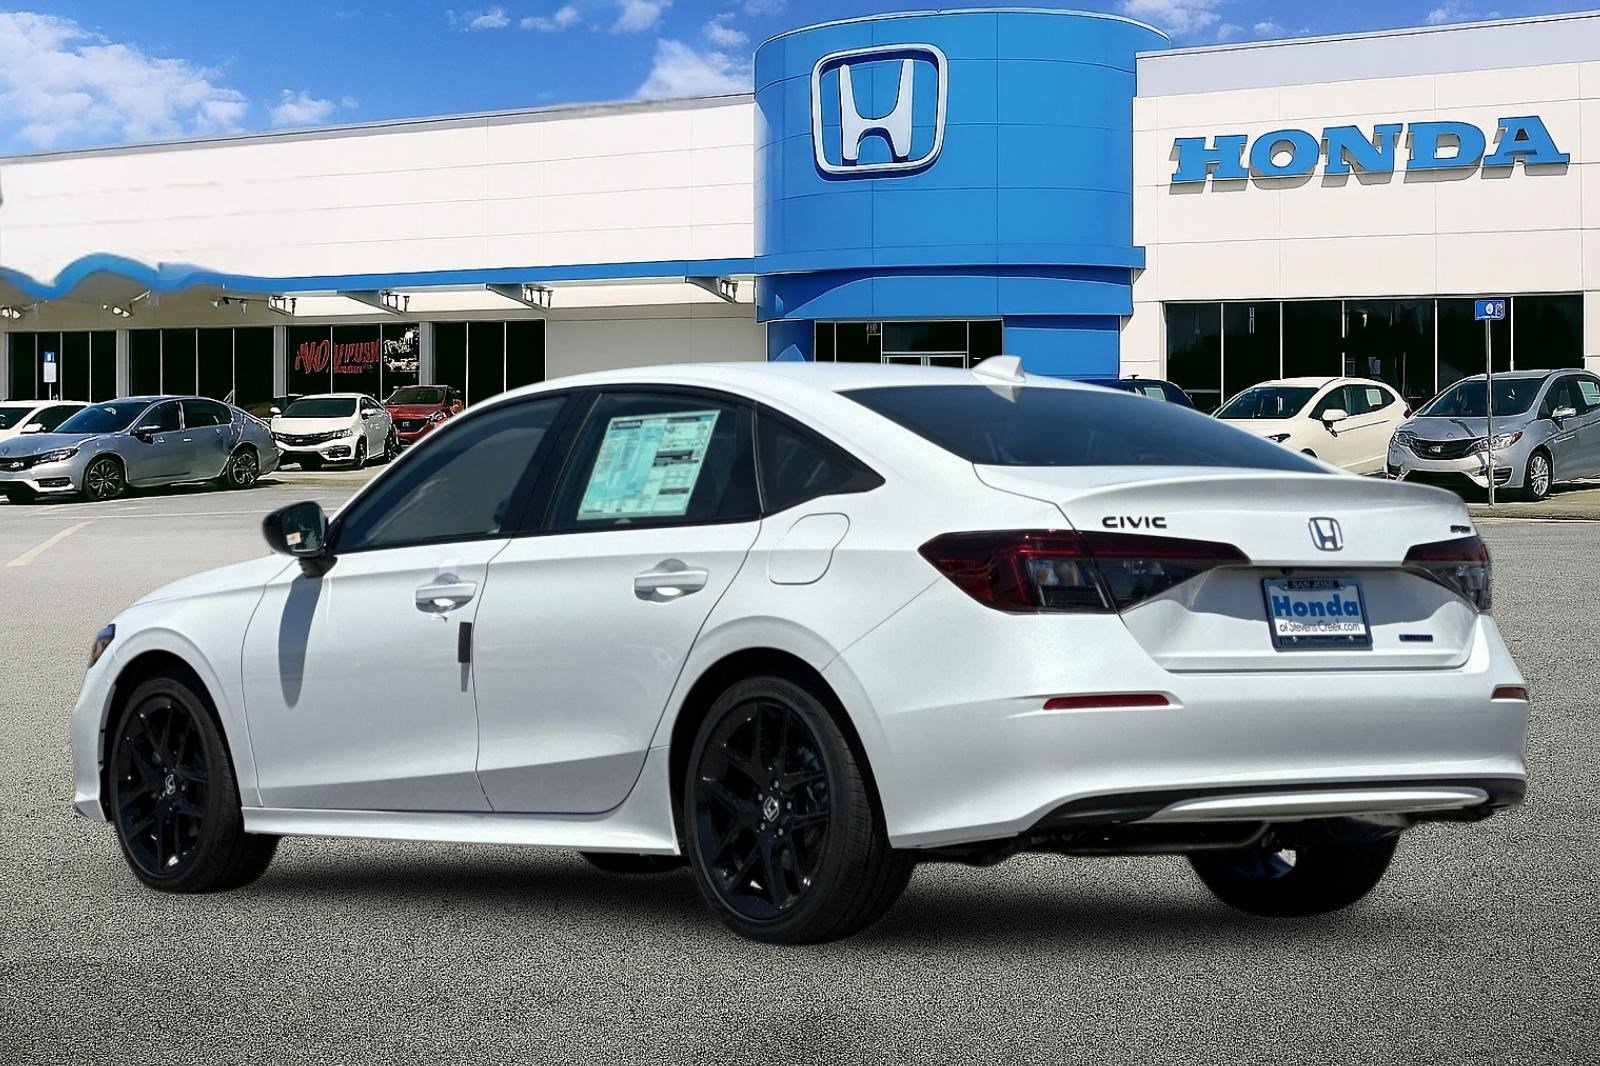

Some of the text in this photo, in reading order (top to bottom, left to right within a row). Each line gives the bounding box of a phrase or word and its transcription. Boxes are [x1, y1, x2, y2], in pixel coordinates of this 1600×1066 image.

[1170, 115, 1571, 184] HONDA
[1101, 516, 1168, 529] CIVIC
[1271, 593, 1360, 617] Honda
[1280, 623, 1288, 633] of
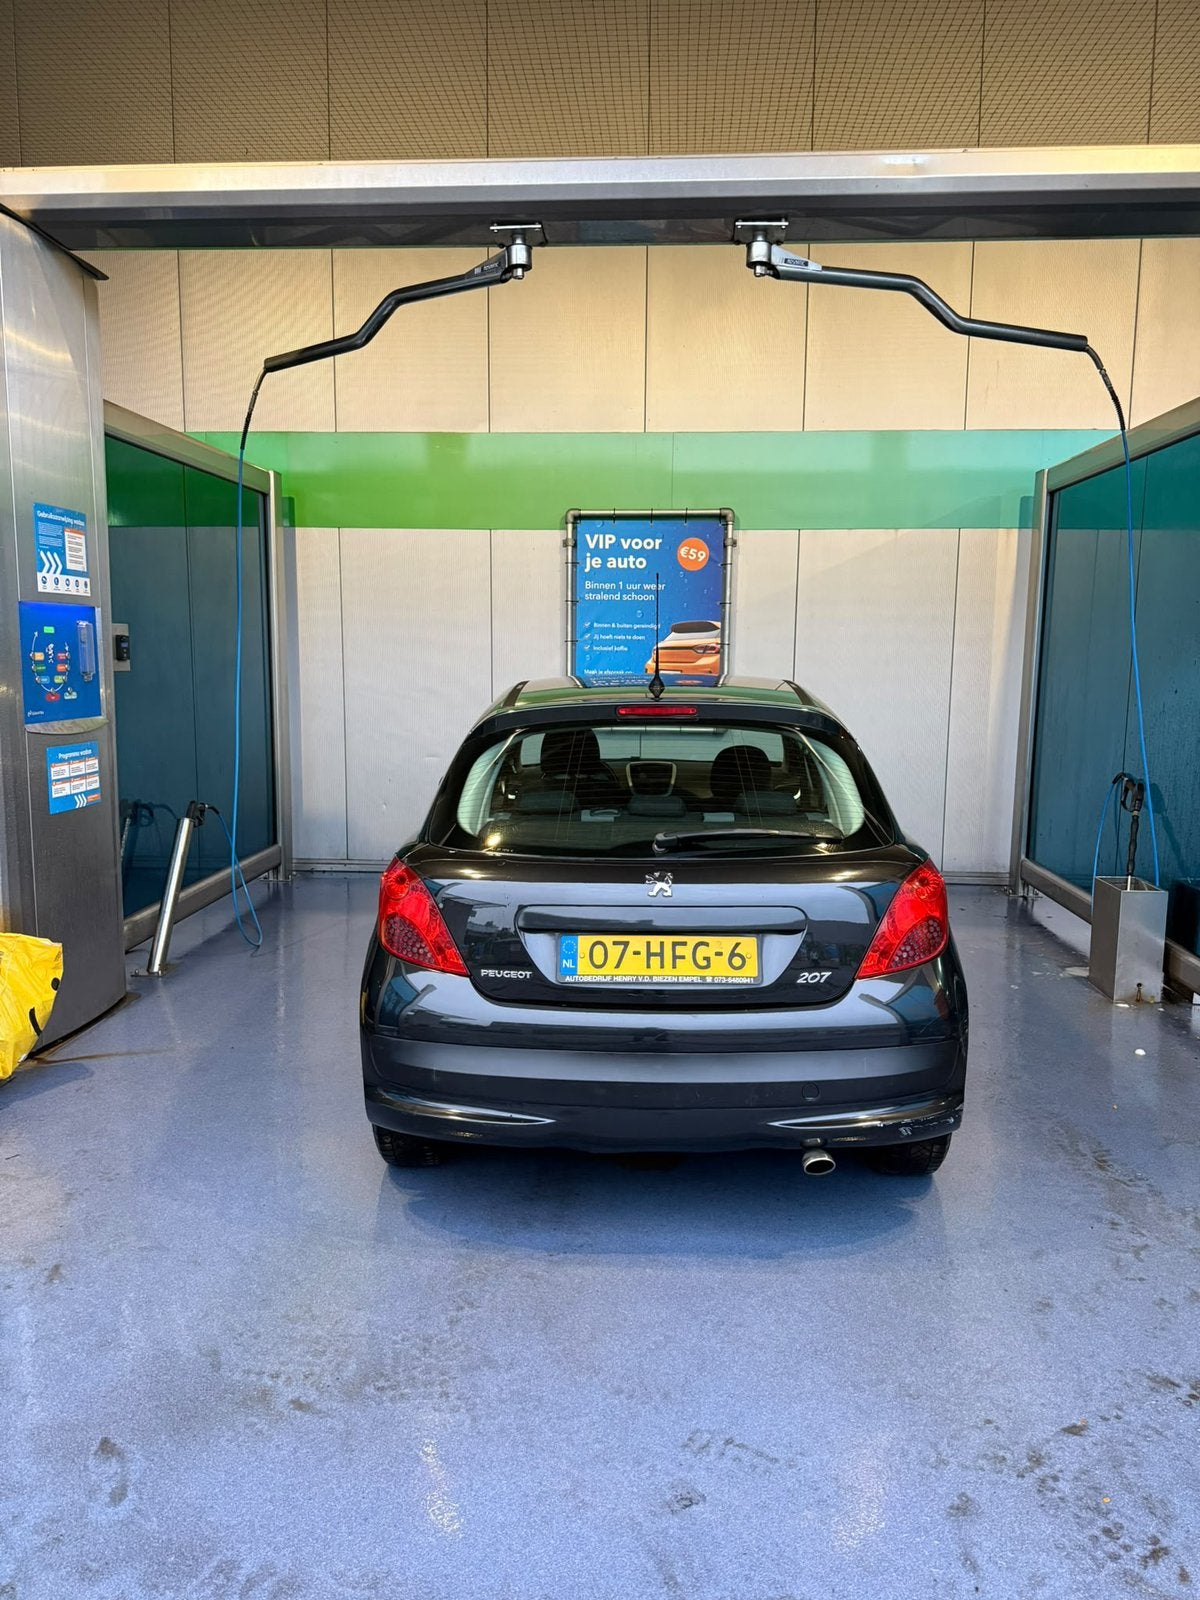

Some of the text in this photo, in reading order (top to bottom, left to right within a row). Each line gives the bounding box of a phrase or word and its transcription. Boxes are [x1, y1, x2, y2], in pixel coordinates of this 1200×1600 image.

[585, 534, 662, 549] VIP voor
[680, 546, 706, 562] €59
[584, 552, 647, 572] je auto
[585, 581, 616, 590] Binnen
[619, 582, 623, 590] 1
[585, 591, 655, 600] stralend schoon
[588, 940, 747, 970] 07-HFG-6
[562, 959, 575, 968] NL
[481, 969, 532, 978] PEUGEOT
[796, 972, 831, 983] 207
━━━━━━━━━━━━━━━━━━━━━━━━━━━━━━
About this task
Up to and including the last line of the listing above, copy exactly every line from the one that contains "this 1200×1600 image." onward; leave out all others.

Solution below
Some of the text in this photo, in reading order (top to bottom, left to right within a row). Each line gives the bounding box of a phrase or word and its transcription. Boxes are [x1, y1, x2, y2], in pixel coordinates of this 1200×1600 image.

[585, 534, 662, 549] VIP voor
[680, 546, 706, 562] €59
[584, 552, 647, 572] je auto
[585, 581, 616, 590] Binnen
[619, 582, 623, 590] 1
[585, 591, 655, 600] stralend schoon
[588, 940, 747, 970] 07-HFG-6
[562, 959, 575, 968] NL
[481, 969, 532, 978] PEUGEOT
[796, 972, 831, 983] 207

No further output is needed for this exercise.